Meine sehr verehrten Damen und Herren, es gibt ganz viele Arten, wie taubblinde Menschen miteinander kommunizieren, zum Beispiel durch das Lorm-Alphabet, das ich Ihnen schon zu zeigen versucht habe. Es ist aber auch noch eine vielfältigere taktile Sprache. Zum Beispiel diejenigen, die Gebärdensprache gelernt haben, versuchen später, wenn sie nicht mehr sehen können, taktil zu gebärden – das ist gar nicht so einfach zu verstehen – oder sie haben ihre eigenen taktilen Gebärden, die sie sich nicht nur auf die Hände aufzeichnen. Wenn zum Beispiel jemand einem Menschen, der taubblind ist, anzeigen möchte, dass hier im Saal gerade eine besonders fröhliche oder heitere Stimmung vorherrscht, dann würde er zu ihm hingehen und ihm einen Smiley auf die Schulter malen – Sie können es ja auch einmal probieren.
Wir hoffen einfach, dass wir mit unserem heutigen Antrag eine positive, eine fröhliche Stimmung bei Menschen, die taubblind sind, erzeugen können.
Sehr geehrte Frau Präsidentin!
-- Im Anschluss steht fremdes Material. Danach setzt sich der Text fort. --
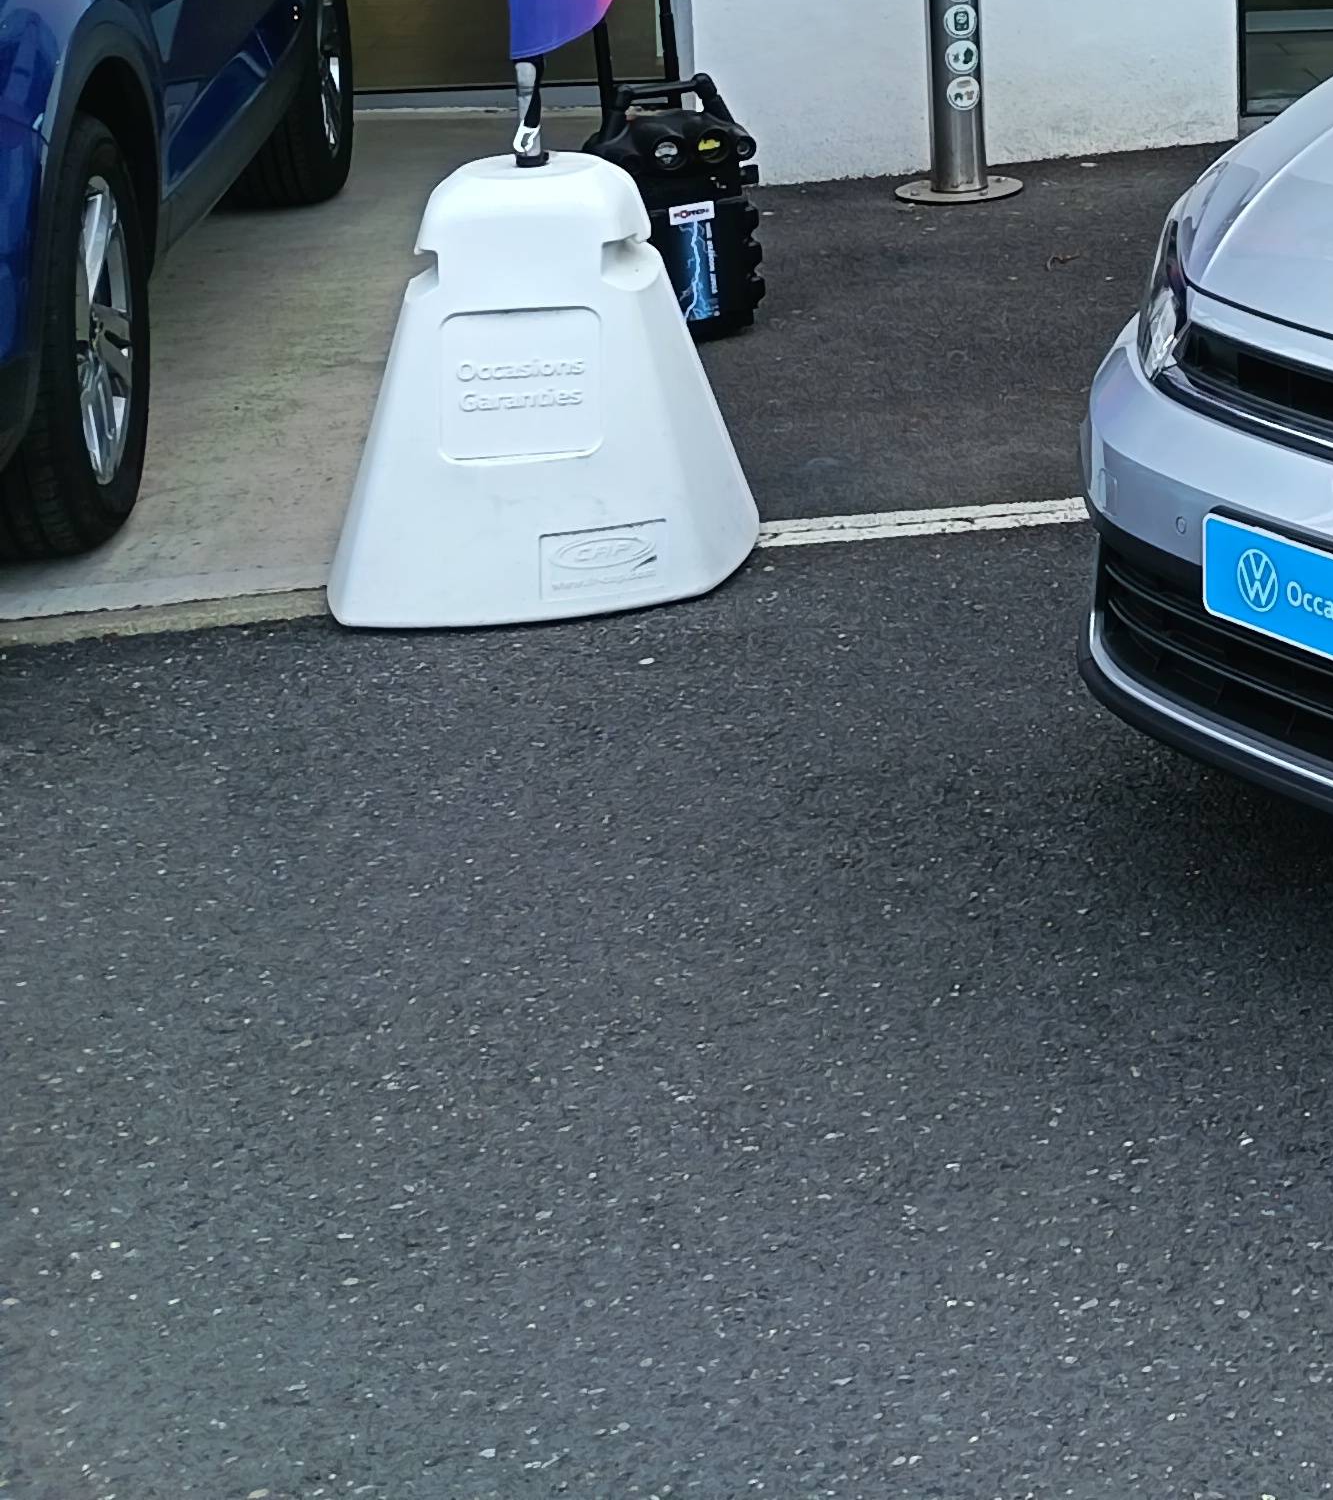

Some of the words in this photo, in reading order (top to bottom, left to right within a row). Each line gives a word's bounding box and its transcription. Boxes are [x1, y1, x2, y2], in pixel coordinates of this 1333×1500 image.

[456, 356, 586, 383] Occasions
[459, 388, 583, 413] Garanties
[1236, 548, 1278, 613] VW
Meine sehr geehrten Damen und Herren! Lieber Herr Krasselt, na bitte! Es geht doch! Das hätten wir alles schon in den vergangenen Legislaturen haben können. Willkommen in der neuen Zeit!
Meine Damen und Herren! Wenn es von der Koalition heute einen solchen Antrag gibt, wird es natürlich schwer, jetzt noch irgendetwas Neues zu sagen. Miteinander reden, sich austauschen, Erlebnisse teilen – Kommunikation ist elementar für das Miteinander. Für Menschen ohne Beeinträchtigung ist dies eine Selbstverständlichkeit, für Menschen mit körperlichen, geistigen oder seelischen Einschränkungen manchmal nicht ganz unproblematisch, aber machbar.